Abraham Lincoln (1809–1865), sixteenth president of the United States, was born February 12, 1809, on his parents’ farm in Kentucky. In his early twenties, he moved to New Salem, Illinois, where he worked as a storekeeper, riverboat pilot, postmaster, and surveyor. Lincoln served as a militia captain in the Black Hawk War of 1832 and was elected as a Whig to the Illinois State Legislature in 1834. He was reelected in 1836, 1838, and 1840; in 1837 he began a law practice in the new state capital, Springfield. Lincoln married Mary Todd in 1842 and won election to the U.S. Congress in 1846. He declined to run for reelection to Congress two years later, in keeping with a Whig arrangement to rotate officeholders, and returned to Springfield to practice law.
Although primarily focused on helping build the nascent Republican Party organization in Illinois and tending to his increasingly successful law practice during the 1850s, Lincoln was drawn back into electoral politics, motivated by several important events, including Senator Stephen Douglas’s sponsorship of the Kansas-Nebraska Act of 1854 and the Supreme Court’s 1857 Dred Scott decision. Lincoln’s famous “House Divided” speech launched his 1858 senatorial campaign against Douglas, a campaign that represented the culmination of twenty years of political and personal rivalry between the two men that reached back to the state legislature and the courtship of Mary Todd. Though Lincoln lost the Senate campaign, his performance in contesting one of the nation’s most prominent politicians put him on the national political map. The Cooper Union speech of February 1860, and the East Coast lecture tour of which it formed a part, put his name and the Republican approach to slavery— maintaining it where it was already established, but refusing to allow its spread into new territories and states—before a still wider audience. Lincoln garnered the Republican nomination for president in Chicago, Illinois, that spring and defeated three rivals to win the presidency in November 1860.
Lincoln faced a crisis from the moment of his election: ten Southern states had left him off their ballots entirely, and seven had seceded and formed the Confederate States of America before he was even sworn in. Hostilities erupted when Confederate troops fired on Union attempts to resupply Fort Sumter, off the South Carolina coast, in April 1861. Lincoln and the nation were shocked by the fiasco at Bull Run in July 1861, in which outnumbered Confederate forces routed Union troops. The year 1862 saw the president increasingly disillusioned by the inaction of General George McClellan and displeased with the lack of response from border states (Delaware, Maryland, Kentucky, Missouri) to his offer of compensated emancipation. In April 1862, Congress approved legislation ending slavery in the District of Columbia, but Lincoln was looking to make a more serious move against slavery, which he increasingly saw as incompatible with the future of the United States as a nation where all men were created equal. The Emancipation Proclamation, which took effect on January 1, 1863, freed slaves in Confederate territories in rebellion against the national government. In July of that year, the tide of the war finally turned after the Union victory at Gettysburg, and after nearly four years and more than six hundred thousand combined casualties, the Civil War (1861–1865) ended when Confederate General Robert E. Lee surrendered to Union General Ulysses S. Grant at Appomattox Courthouse in Virginia, on April 9, 1865. Just four days later, Lincoln was shot by Confederate supporter John Wilkes Booth while watching a performance at Ford’s Theater in Washington. He died the next morning.

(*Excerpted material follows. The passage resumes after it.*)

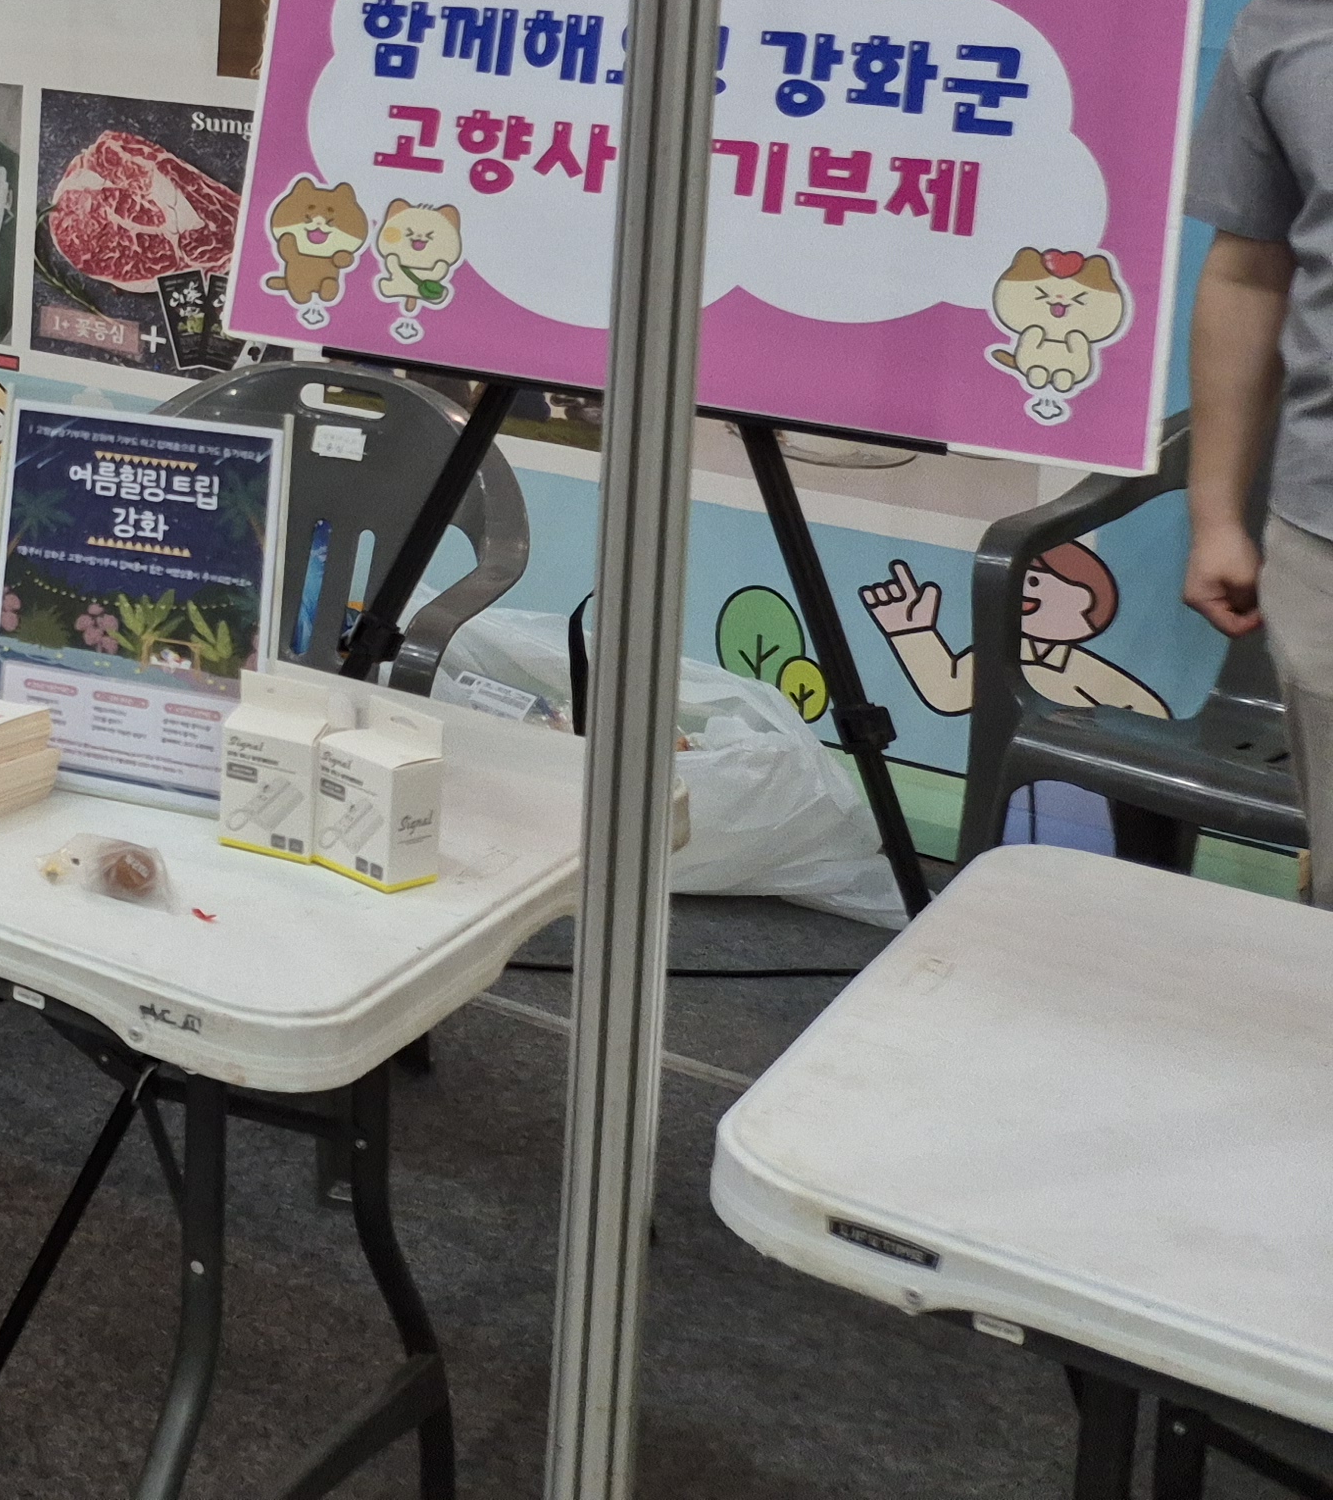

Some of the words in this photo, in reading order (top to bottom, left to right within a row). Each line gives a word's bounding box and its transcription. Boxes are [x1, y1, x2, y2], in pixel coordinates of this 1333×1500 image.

Despite an elementary-level education, an undistinguished early political career, and his own apparent lack of Christian faith, Lincoln crafted some of the most memorable speeches in the American political tradition and displayed a deep appreciation for the ability of religious imagery to provide comfort and meaning in the nation’s darkest hour. Three of his speeches—the Cooper Union speech (1860), the Gettysburg Address (1863), and the Second Inaugural (1865)—have occasioned scholarly treatments all their own, and Lincoln’s commitment to the ideals of the American Union continues to inspire struggles for liberty in the United States and around the world. African American activist and civil rights crusader Martin Luther King Jr., for example, acknowledged the importance of delivering his noted “I Have a Dream” speech in the shadow of the Lincoln Memorial in 1963.
Bibliography:
- Basler, Roy P., ed. The Collected Works of Abraham Lincoln. New Brunswick, N.J.: Rutgers University Press, 1953.
- Donald, David Herbert. Lincoln. New York: Simon and Schuster, 1995.
- Guelzo, Allen C. Abraham Lincoln: Redeemer President. Grand Rapids, Mich.: Eerdmans, 1999.
- Holzer, Harold. Lincoln at Cooper Union: The Speech That Made Abraham Lincoln President. New York: Simon and Schuster, 2004.
- Peterson, Merrill. Lincoln in American Memory. New York: Oxford University Press, 1995.
- White, Ronald C., Jr. Lincoln’s Greatest Speech: The Second Inaugural. New York: Simon and Schuster, 2002.
- Wills, Garry. Lincoln at Gettysburg: The Words That Remade America. New York: Simon and Schuster, 1992.